In the eighth installment of Susan Hill’s much praised detective series, she takes on a subject that, as the British would say, will possibly put you off your tea. The subject is not merely paedophilia, but paedophilia filmed for the viewing pleasure of the sick and wicked, including snuff films. In other words, this is not a novel for the weak of stomach, never mind the faint of heart. Doubtless, it is difficult to continue to come up with original, or at least interesting, subject matter for detective fiction, and some might even say that the subject matter of this novel goes beyond the pale of good taste. But then so does crime, so does human depravity.
Susan Hill apparently thinks that bringing such things into a light of day, a light that such wickedness cannot stand, is a good thing. In this I agree with her, but it doesn’t make this a novel that one could call ‘pleasant beach reading’. Important, yes. Revealing, yes. Necessary, perhaps. But pleasant— never. While large parts of Western society have long since lost their revulsion when it comes to homosexuality, there are few signs that the horrors involved in paedophilia has become any more acceptable to the increasingly pagan West than it ever was. The ancients would have seen this as odd, because paedophilia was probably the dominant form of homosexual expression in the Greco-Roman world, though by no means the only regular or accepted form.
Like any good writer Hill is capable of interweaving several plot lines, and in this case they involve Cat Deerborn’s brother (Simon the detective) her father (Richard the doctor), and as a minor subplot, the relationships between Simon and his lady friend Rachel, and between a couple named Tim and Shelly. The thread that connects these stories is sexual violence, on the one side perpetrated on children, and on the other side perpetrated on a married woman, resulting in rape. Meanwhile, Cat tries to maintain her sanity, her medical work, her child-rearing and her Christianity. One of the things I like most about these novels is that Susan Hill is not afraid to have a genuinely Christian character in her novels, nor to show what difference the Christian faith can and may make when dealing with crises whether it be violent crime, divorce, death, bereavement, or something else.
This novel, in terms of pace is something like a classical symphony. It starts rather slow and pastoral, gradually picks up speed, and by the time one gets to the last movement everything is presto as the various threads come unwound, and the story lines resolved, though not always to one’s liking.

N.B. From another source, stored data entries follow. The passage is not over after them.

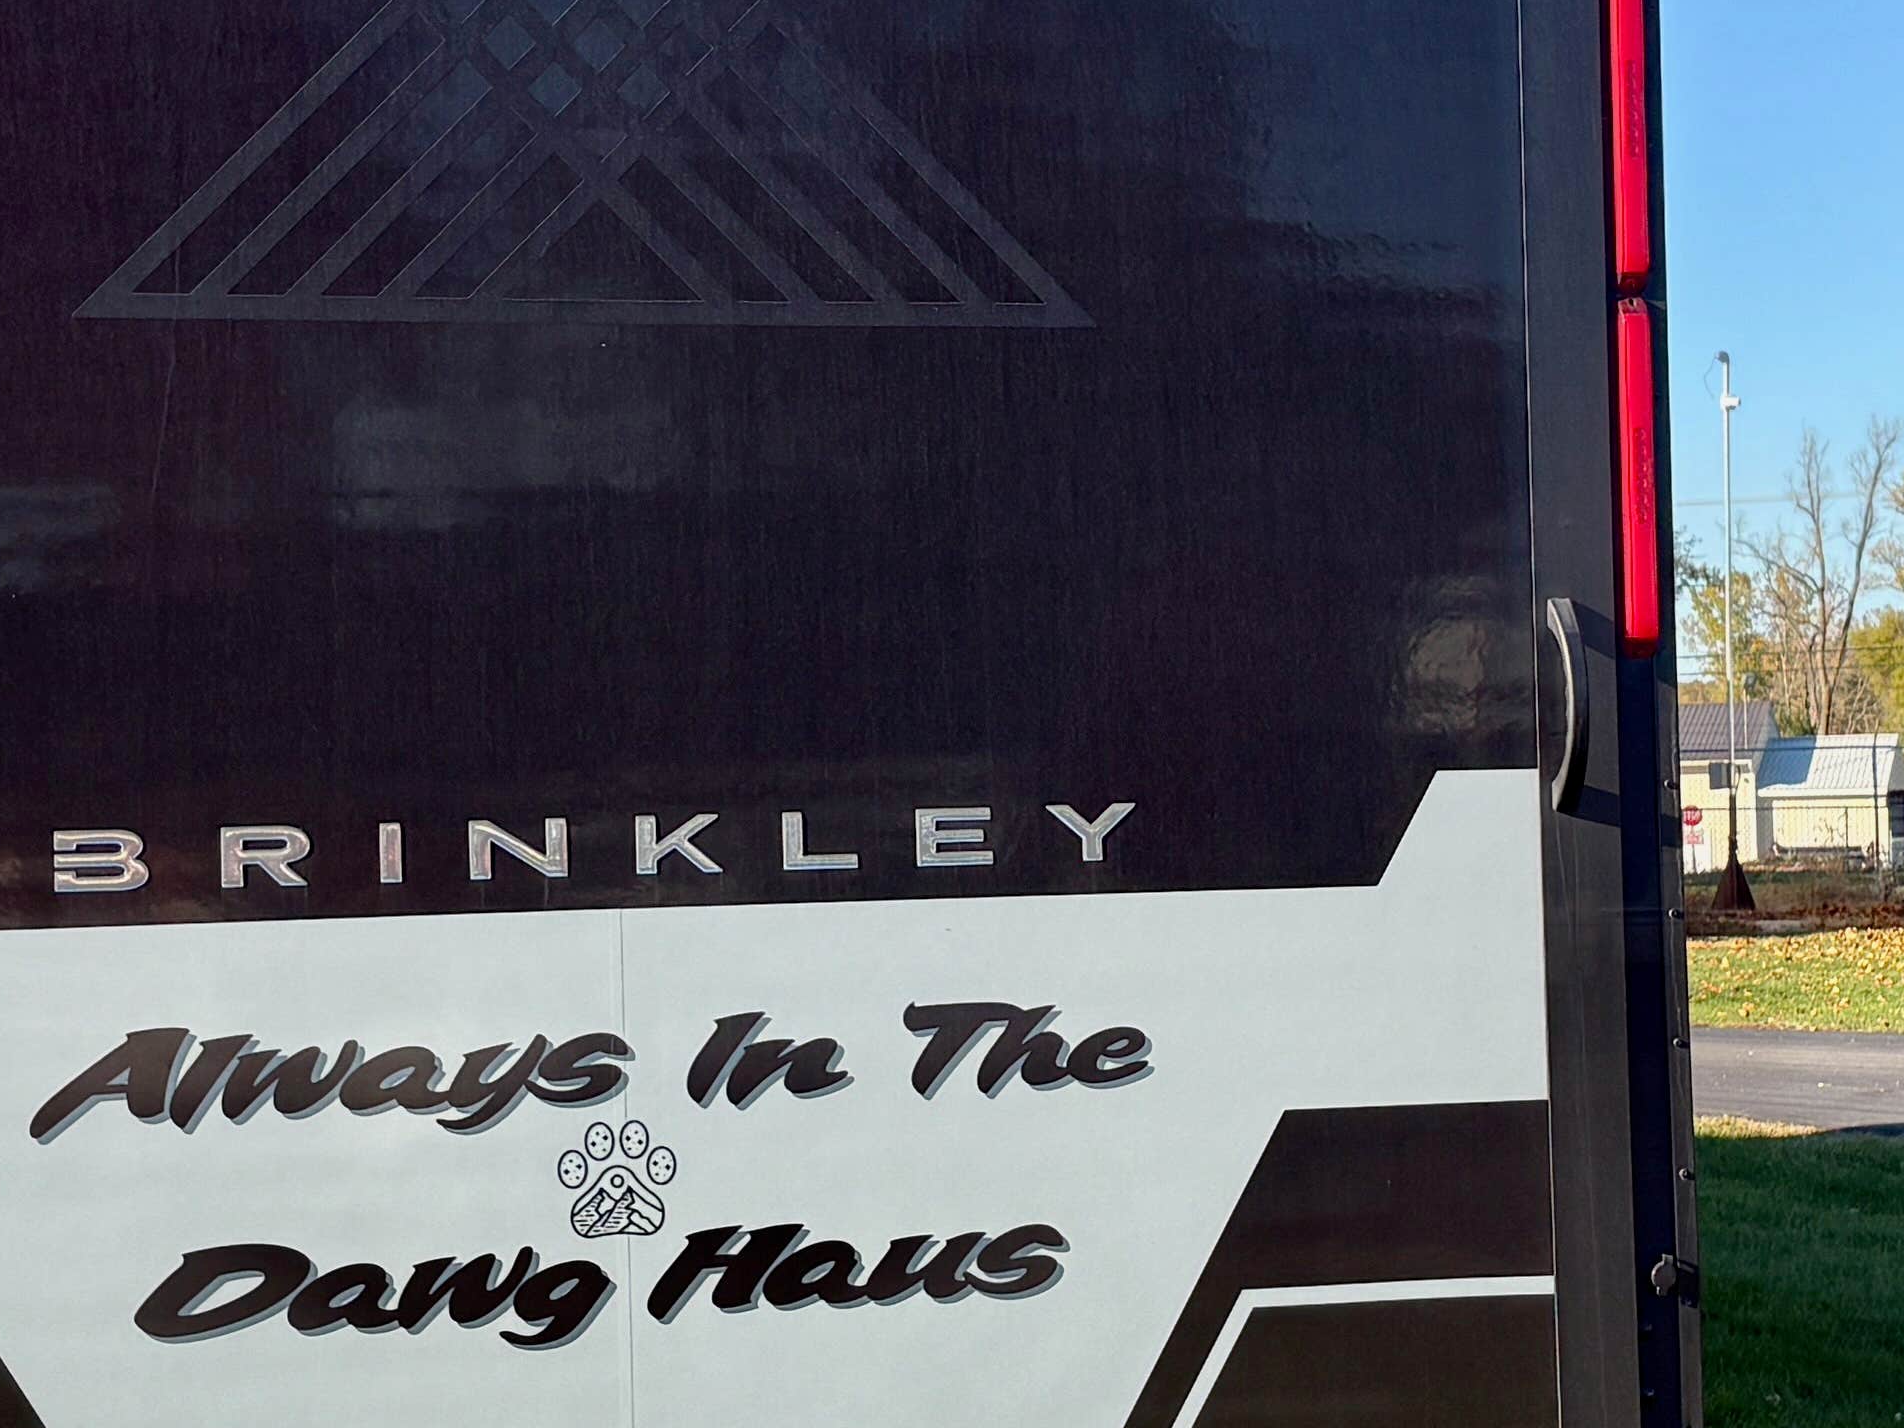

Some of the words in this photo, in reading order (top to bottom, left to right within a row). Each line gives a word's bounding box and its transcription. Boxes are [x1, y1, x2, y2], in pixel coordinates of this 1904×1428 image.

[52, 802, 1136, 893] BRINKLEY
[29, 1026, 636, 1143] Always
[686, 1012, 855, 1108] In
[903, 1001, 1155, 1100] The
[133, 1242, 616, 1348] Dawg
[647, 1223, 1071, 1324] Haus

One of the traits of Susan Hill’s novels, which she shares with the real master of the genre, P.D. James, is the developing psychological aspects of the stories. You are made to think and feel with the main characters, however uncomfortable this may make one feel. Sometimes this makes your skin crawl, and sometimes it really peaks your curiosity, that little voice in the back of your head which asks— What would it be like to be Simon Serrailler? I can tell you, after this novel, it didn’t make me want to ‘pursue that line of inquiry’ much further. I am happy to be an aging academic doing my own thing quietly.
Do I recommend this novel? Yes, I do quite highly. It is very well done, despite the distasteful nature of the subject matter. Hill does not go in for morbid descriptions of actual paedophilial acts, thank goodness. She leaves most to one’s own imagination, which is both a good and a bad thing. And there is never a sense she tells us things just to get our attention. For her, this subject matter is something we should take with deadly earnest, and so her writing comes across more like that of a moral agent or crusader for the good, rather than an disinterested observer of the social malaise. I say good for her on that score as well. The novel is a quick read in terms of length (314 pages, often with lots of spaces on them), but I promise it will leave a lasting impression.
Society, even pagan society, ought to care and look out for its most vulnerable members. Indeed, it is a measure of the character of a society as to how it responds to such wickedness as this novel unveils. If we have lost our moral compass and have become comfortably numb to such outrages, if we have lost our capacity for righteous indignation when the least, the last, and the lost are used, abused, and even killed and discarded in waste bins, then we have ceased to be a human society, never mind a humane one. Susan Hill reminds us again what it means to be truly human, and humane.